**Problem details:**
Please return every line below that contains the string "powder".

**Input records:**
####
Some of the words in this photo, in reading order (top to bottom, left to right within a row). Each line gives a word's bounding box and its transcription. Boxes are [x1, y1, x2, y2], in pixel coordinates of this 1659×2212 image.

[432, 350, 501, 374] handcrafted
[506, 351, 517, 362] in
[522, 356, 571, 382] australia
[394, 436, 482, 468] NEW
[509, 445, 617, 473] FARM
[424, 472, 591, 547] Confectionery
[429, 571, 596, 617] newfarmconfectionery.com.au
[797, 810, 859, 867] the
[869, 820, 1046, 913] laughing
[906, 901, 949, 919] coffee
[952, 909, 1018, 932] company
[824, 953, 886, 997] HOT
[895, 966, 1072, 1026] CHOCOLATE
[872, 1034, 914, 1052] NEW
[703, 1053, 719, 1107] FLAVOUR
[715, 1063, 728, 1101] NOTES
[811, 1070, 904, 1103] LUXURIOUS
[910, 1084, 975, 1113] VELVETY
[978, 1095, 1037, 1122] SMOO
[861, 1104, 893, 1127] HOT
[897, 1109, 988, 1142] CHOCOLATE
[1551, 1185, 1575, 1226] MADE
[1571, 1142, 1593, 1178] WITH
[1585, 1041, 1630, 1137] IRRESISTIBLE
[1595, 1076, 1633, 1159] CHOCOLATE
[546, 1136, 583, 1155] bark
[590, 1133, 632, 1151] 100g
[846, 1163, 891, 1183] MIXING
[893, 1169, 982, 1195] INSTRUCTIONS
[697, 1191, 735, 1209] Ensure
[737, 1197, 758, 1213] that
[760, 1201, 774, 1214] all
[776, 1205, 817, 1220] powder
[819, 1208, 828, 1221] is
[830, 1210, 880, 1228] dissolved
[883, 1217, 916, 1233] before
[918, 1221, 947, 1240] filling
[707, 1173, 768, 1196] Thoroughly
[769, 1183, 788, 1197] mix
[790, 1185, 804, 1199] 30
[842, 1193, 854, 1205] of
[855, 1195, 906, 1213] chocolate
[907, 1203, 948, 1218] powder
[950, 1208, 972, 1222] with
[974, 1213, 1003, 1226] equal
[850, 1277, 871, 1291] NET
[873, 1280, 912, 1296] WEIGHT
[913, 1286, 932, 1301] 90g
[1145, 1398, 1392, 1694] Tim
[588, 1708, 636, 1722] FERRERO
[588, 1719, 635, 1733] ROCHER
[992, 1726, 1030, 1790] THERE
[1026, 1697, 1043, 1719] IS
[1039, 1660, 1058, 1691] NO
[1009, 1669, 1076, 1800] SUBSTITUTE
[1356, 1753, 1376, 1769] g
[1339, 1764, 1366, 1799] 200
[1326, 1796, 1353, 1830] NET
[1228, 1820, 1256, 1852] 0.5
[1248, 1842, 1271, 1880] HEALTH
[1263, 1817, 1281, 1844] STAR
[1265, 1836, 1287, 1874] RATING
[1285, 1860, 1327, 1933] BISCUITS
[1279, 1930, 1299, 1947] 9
####
**Result of the exercise:**
[776, 1205, 817, 1220] powder
[907, 1203, 948, 1218] powder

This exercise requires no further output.